The Transformation of Gnome House

May 17, 2015


When I first walked inside Gnome House it was a dark, health cavernous shell. I was there because the forces of urban regeneration and the power of investment capital had arrived at the end of my road. Gnome House would be resurrected by the building developers who planned to construct 500 new homes on the surrounding site. Local partners were needed to help transform the one-time factory into a community creative space so I volunteered to be one of four directors responsible for the project. We negotiated, store planned and designed. After 18 months, I began making ‘before’ pictures of Gnome House – if only as historic documents.




Making these images became a meditative process. Instead of seeing only the decay in front of me, I found myself imagining the people who’d worked there in the past – and also seeing into the future. I might be looking at a space that was unusable and toxic (I initially photographed in an asbestos mask) but as I did, I was visualising the new environment that the architectural plans conveyed. This eerie experience of inhabiting the past, the present and the future at the same time sparked a new creative direction.
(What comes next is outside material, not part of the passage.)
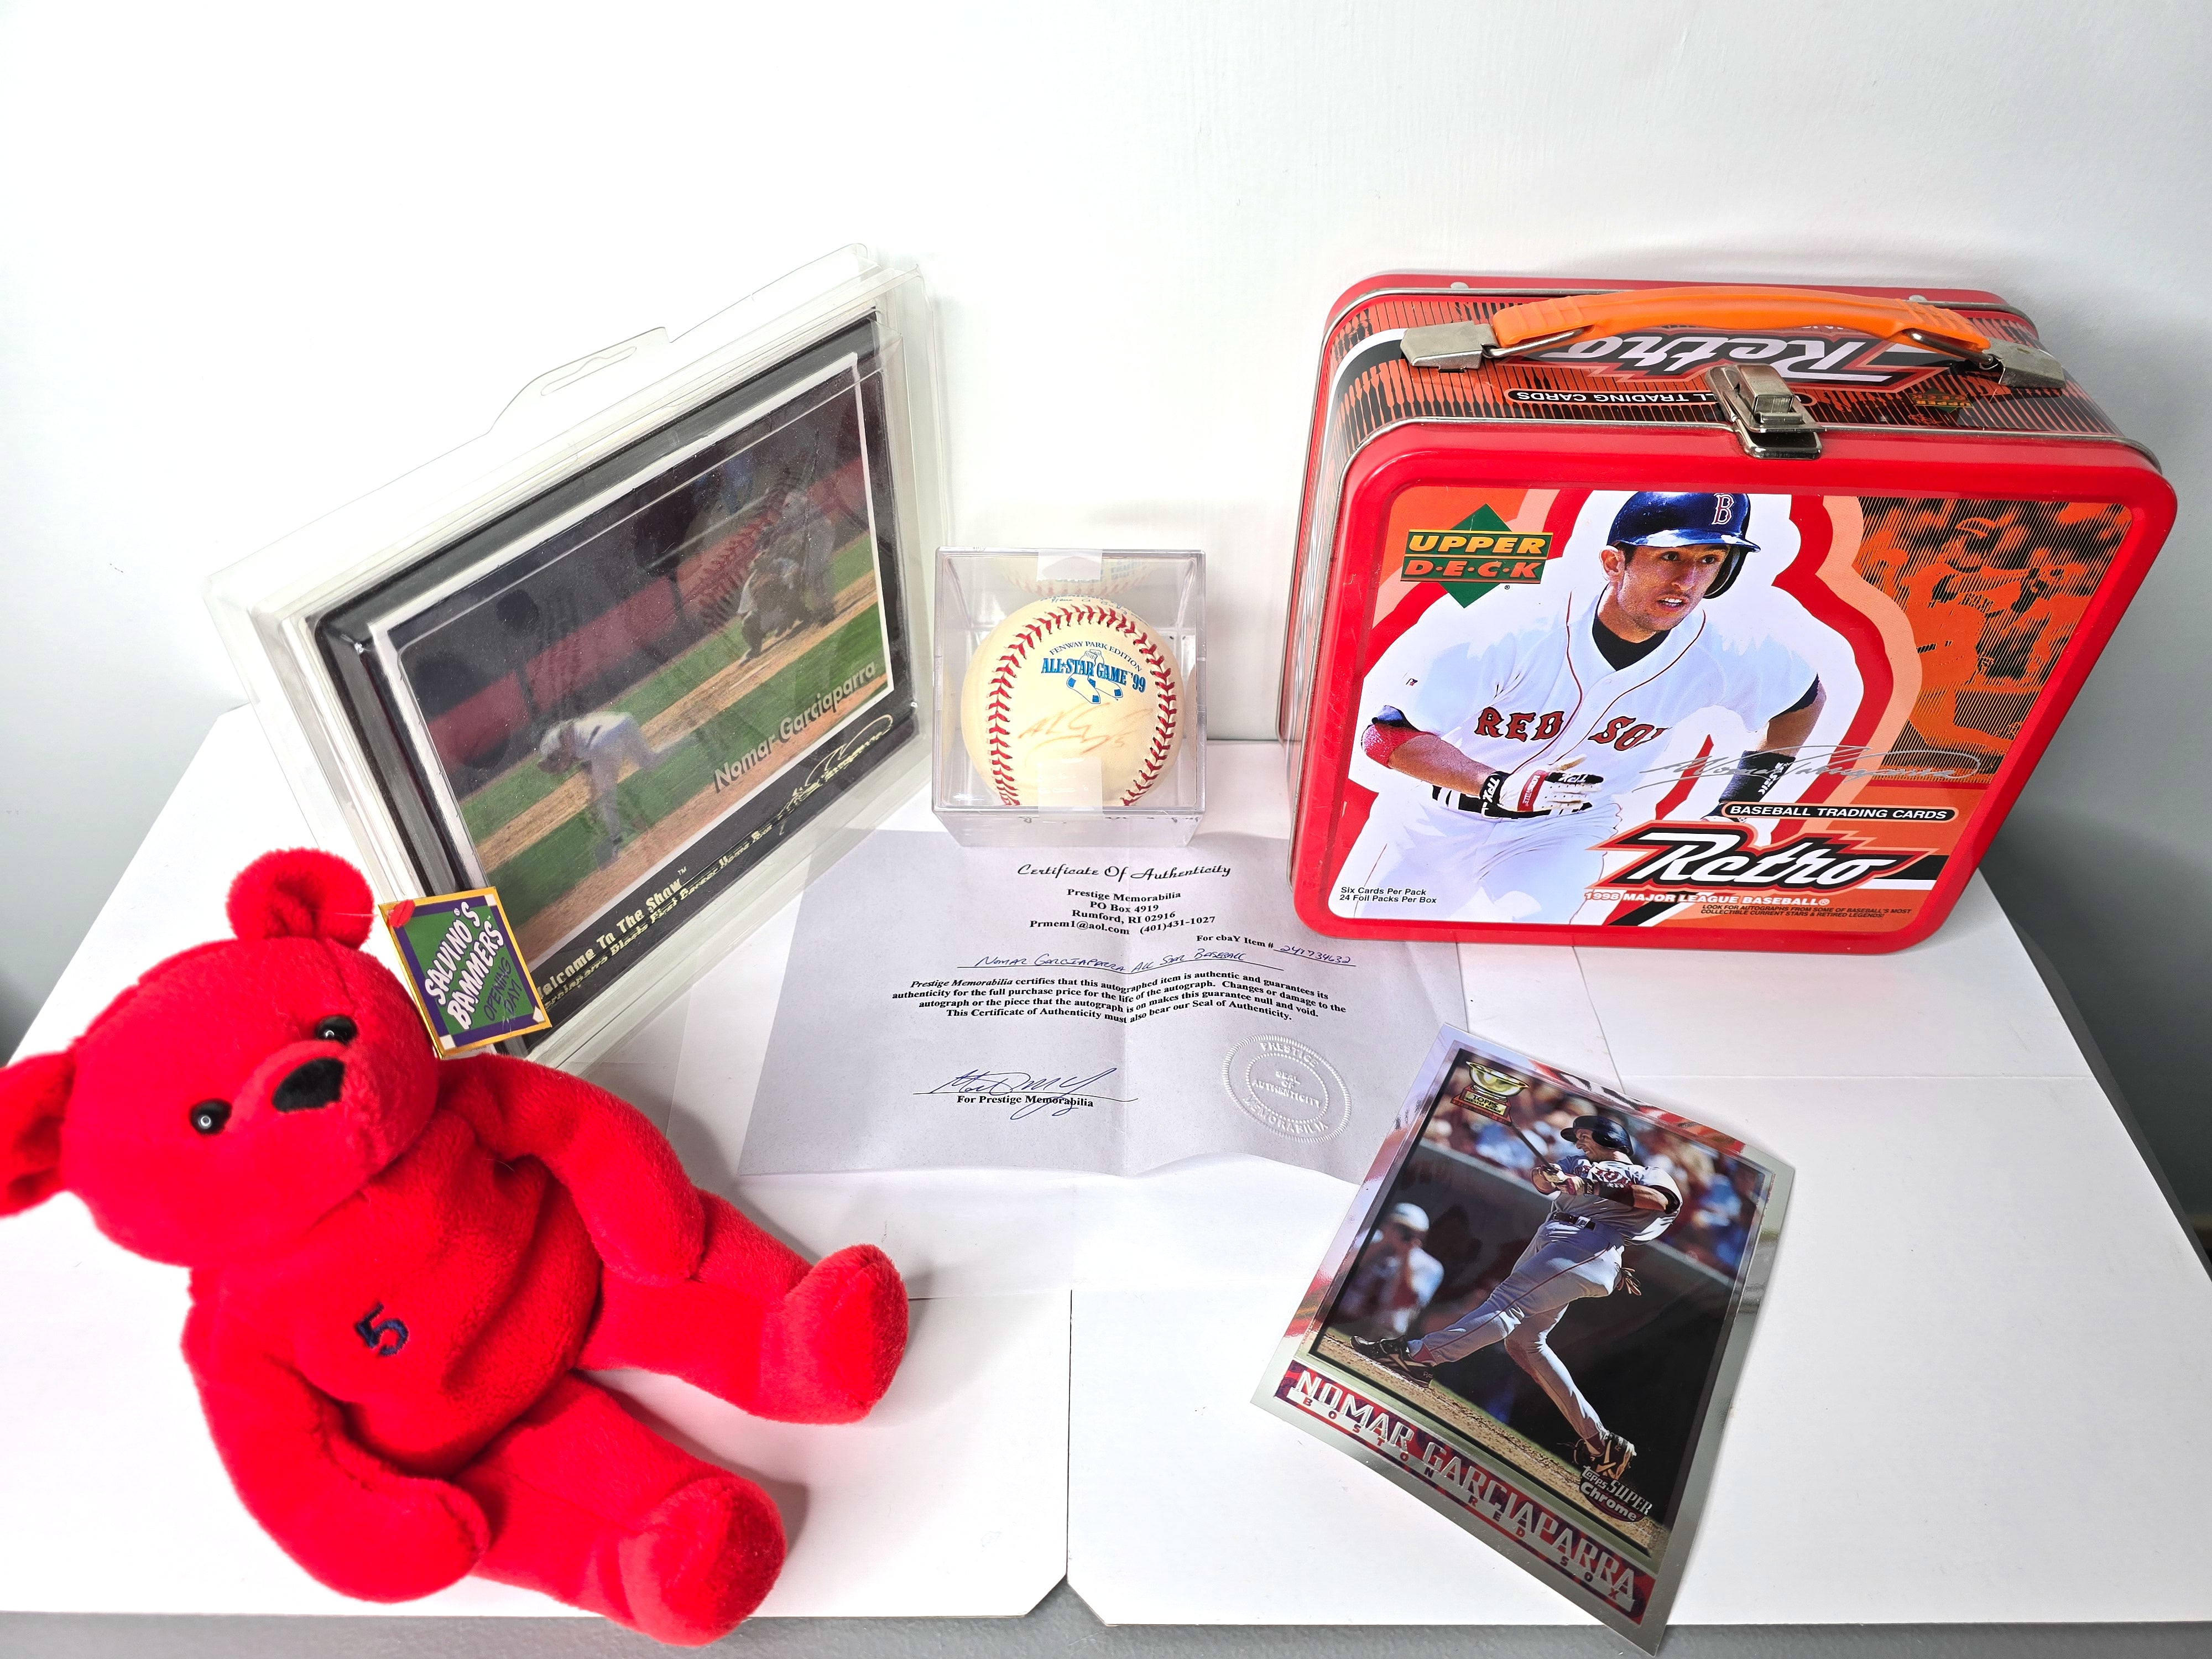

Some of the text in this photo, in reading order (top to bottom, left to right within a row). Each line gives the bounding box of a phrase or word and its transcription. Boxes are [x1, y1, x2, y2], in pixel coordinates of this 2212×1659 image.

Over several months I made triple-exposure images by layering three images over a single, film negative. I’d shoot a roll of film, rewind it and then use it again months later during the next phase of the building’s development. This familiar, but seldom used technique from photography’s chemical history allowed me to compress time and space. In addition – and not insignificantly – I was relinquishing control to the light and magic alchemy that happens in the camera and then photo lab. Visual events of chance were a relief after many months of working on exacting business documents. These triple exposure images therefore capture echoes of the building’s industrial past, its transformation during the re-building phase and the newly completed Gnome House. If you look hard enough, you can see elements from each stage.

But this project isn’t finished. I still have 8 rolls of partly shot film left. They have been exposed twice before and are waiting for that final layer which will record the community bringing noise, life and activity into a place that was once empty, silent and unused.